Silver (XAG/USD) attracts some dip-buyers near the $26.75 region during the Asian session on Wednesday, albeit lacks bullish conviction and remains confined in the previous day's broader trading range. The white metal is currently placed just above the $27.00 mark, up around 0.35% for the day.
From a technical perspective, the recent breakdown through the 100-day Simple Moving Average (SMA) and last week's failure to find acceptance above the $29.00 mark favors bearish traders. Moreover, oscillators on the daily chart are holding deep in negative territory and are still away from being in the oversold zone. This, along with the lack of strong follow-through buying, warrants some caution before positioning for any meaningful recovery from a three-month low reached on Monday.

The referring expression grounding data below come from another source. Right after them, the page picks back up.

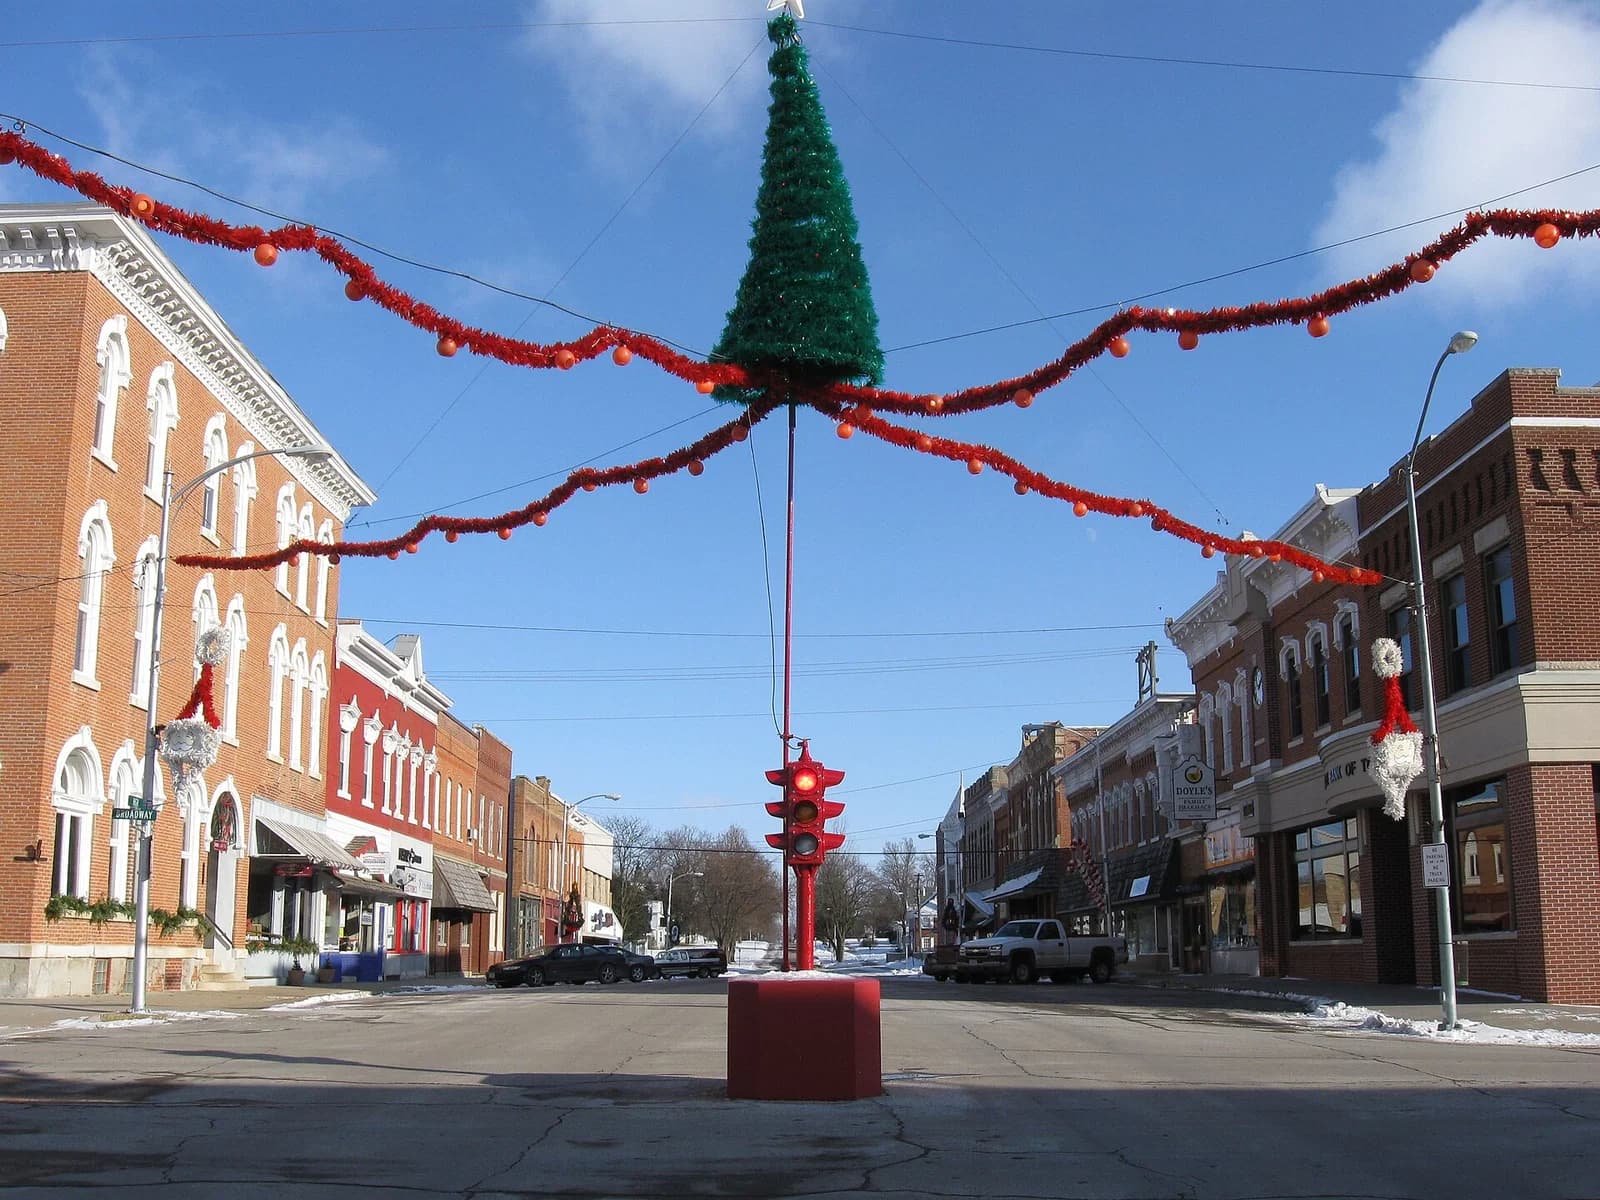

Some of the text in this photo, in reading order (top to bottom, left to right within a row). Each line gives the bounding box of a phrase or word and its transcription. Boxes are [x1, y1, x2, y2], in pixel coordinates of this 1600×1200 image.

[1345, 760, 1357, 776] OF
[1176, 785, 1213, 795] DOYLE'S
[115, 809, 154, 819] BROADWAY
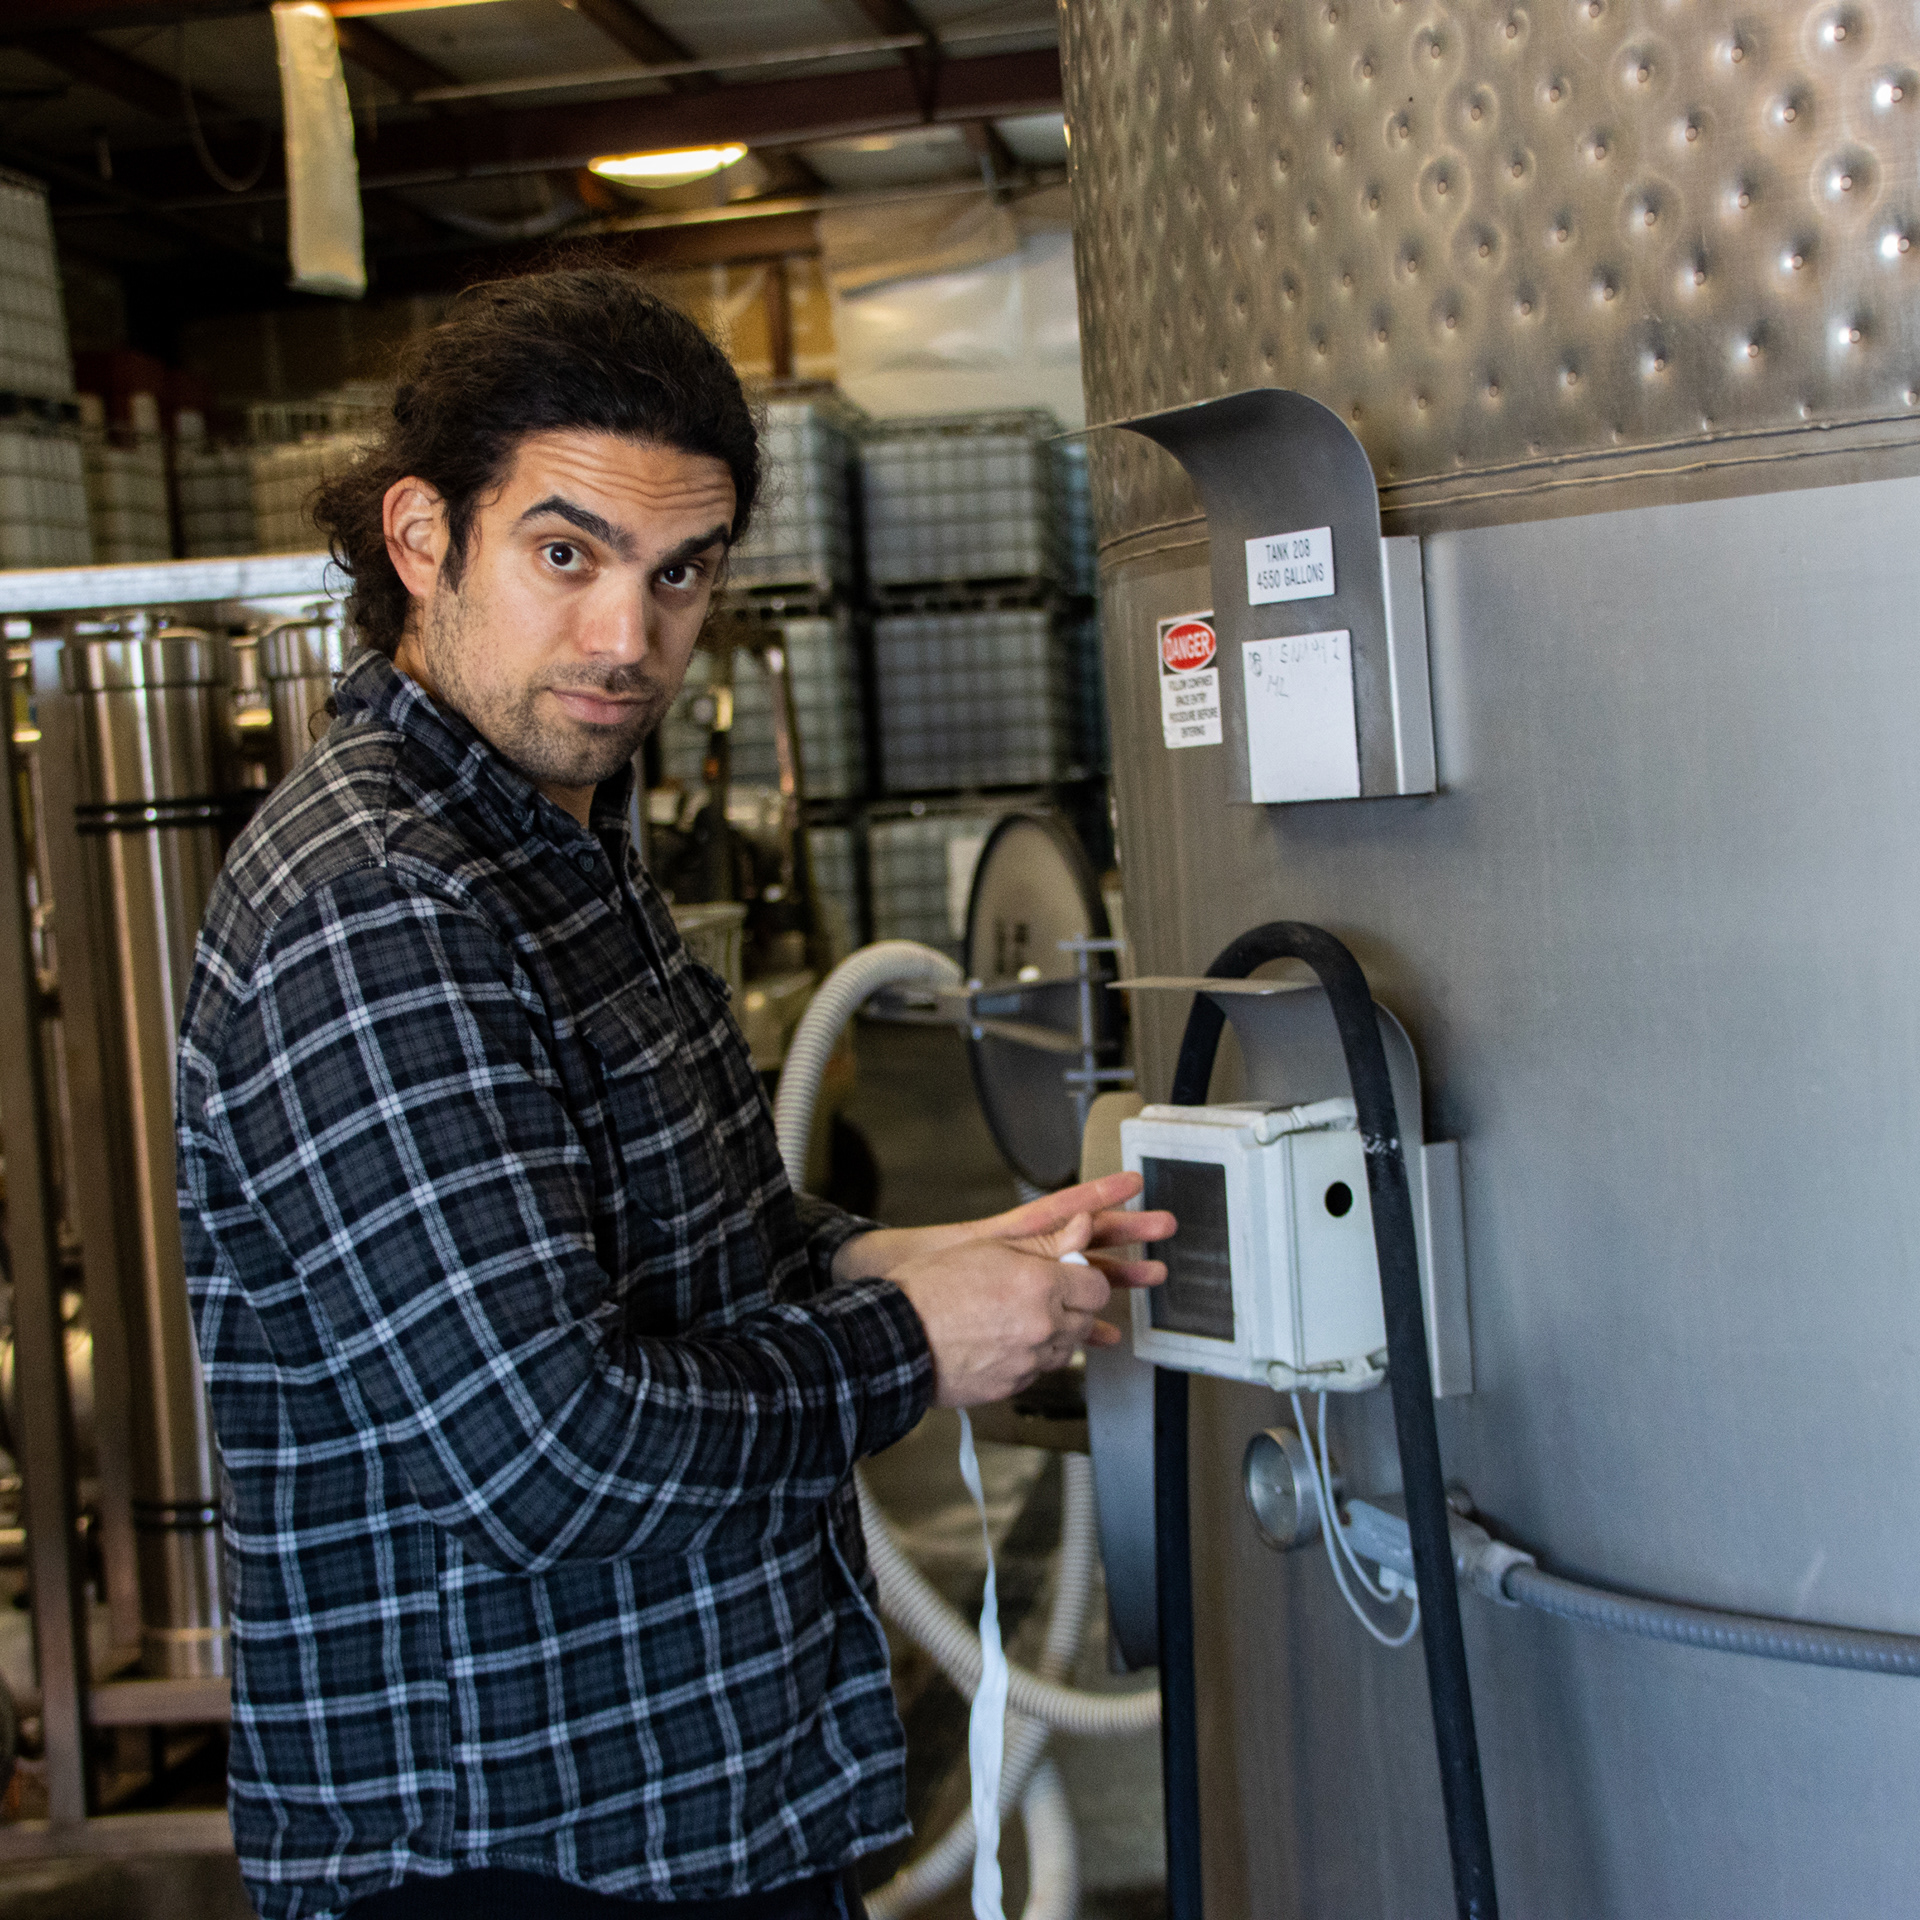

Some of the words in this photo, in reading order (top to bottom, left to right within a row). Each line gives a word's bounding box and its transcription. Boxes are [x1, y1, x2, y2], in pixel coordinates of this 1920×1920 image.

[1266, 542, 1289, 563] TANK
[1292, 538, 1311, 559] 208
[1257, 569, 1281, 591] 4550
[1284, 562, 1325, 587] GALLONS
[1164, 630, 1211, 662] DANGER

In the meantime, any subsequent move up is likely to confront some resistance near the $27.50 horizontal zone, above which a bout of a short-covering move could lift the XAG/USD beyond the $28.00 mark, to the $28.20 hurdle. The momentum could extend further, though is likely to remain capped near the 100-day SMA support breakpoint, near the $28.70 region. This is followed by the $29.00 round figure, which if cleared will shift the near-term bias back in favor of bullish traders.
On the flip side, the $26.60-$26.50 region now seems to have emerged as an immediate support. A convincing break below will reaffirm the negative bias and make the XAG/USD vulnerable to test the May monthly swing low, around the $26.00 mark. The next relevant support is pegged near the $25.60 horizontal zone, below which the white metal could accelerate the fall towards the $25.00 psychological mark before eventually dropping to the $24.40-$24.30 support zone.
Silver is a precious metal highly traded among investors. It has been historically used as a store of value and a medium of exchange. Although less popular than Gold, traders may turn to Silver to diversify their investment portfolio, for its intrinsic value or as a potential hedge during high-inflation periods. Investors can buy physical Silver, in coins or in bars, or trade it through vehicles such as Exchange Traded Funds, which track its price on international markets.
Silver prices can move due to a wide range of factors. Geopolitical instability or fears of a deep recession can make Silver price escalate due to its safe-haven status, although to a lesser extent than Gold's. As a yieldless asset, Silver tends to rise with lower interest rates. Its moves also depend on how the US Dollar (USD) behaves as the asset is priced in dollars (XAG/USD). A strong Dollar tends to keep the price of Silver at bay, whereas a weaker Dollar is likely to propel prices up. Other factors such as investment demand, mining supply – Silver is much more abundant than Gold – and recycling rates can also affect prices.
Silver is widely used in industry, particularly in sectors such as electronics or solar energy, as it has one of the highest electric conductivity of all metals – more than Copper and Gold. A surge in demand can increase prices, while a decline tends to lower them. Dynamics in the US, Chinese and Indian economies can also contribute to price swings: for the US and particularly China, their big industrial sectors use Silver in various processes; in India, consumers’ demand for the precious metal for jewellery also plays a key role in setting prices.
Silver prices tend to follow Gold's moves. When Gold prices rise, Silver typically follows suit, as their status as safe-haven assets is similar. The Gold/Silver ratio, which shows the number of ounces of Silver needed to equal the value of one ounce of Gold, may help to determine the relative valuation between both metals. Some investors may consider a high ratio as an indicator that Silver is undervalued, or Gold is overvalued. On the contrary, a low ratio might suggest that Gold is undervalued relative to Silver.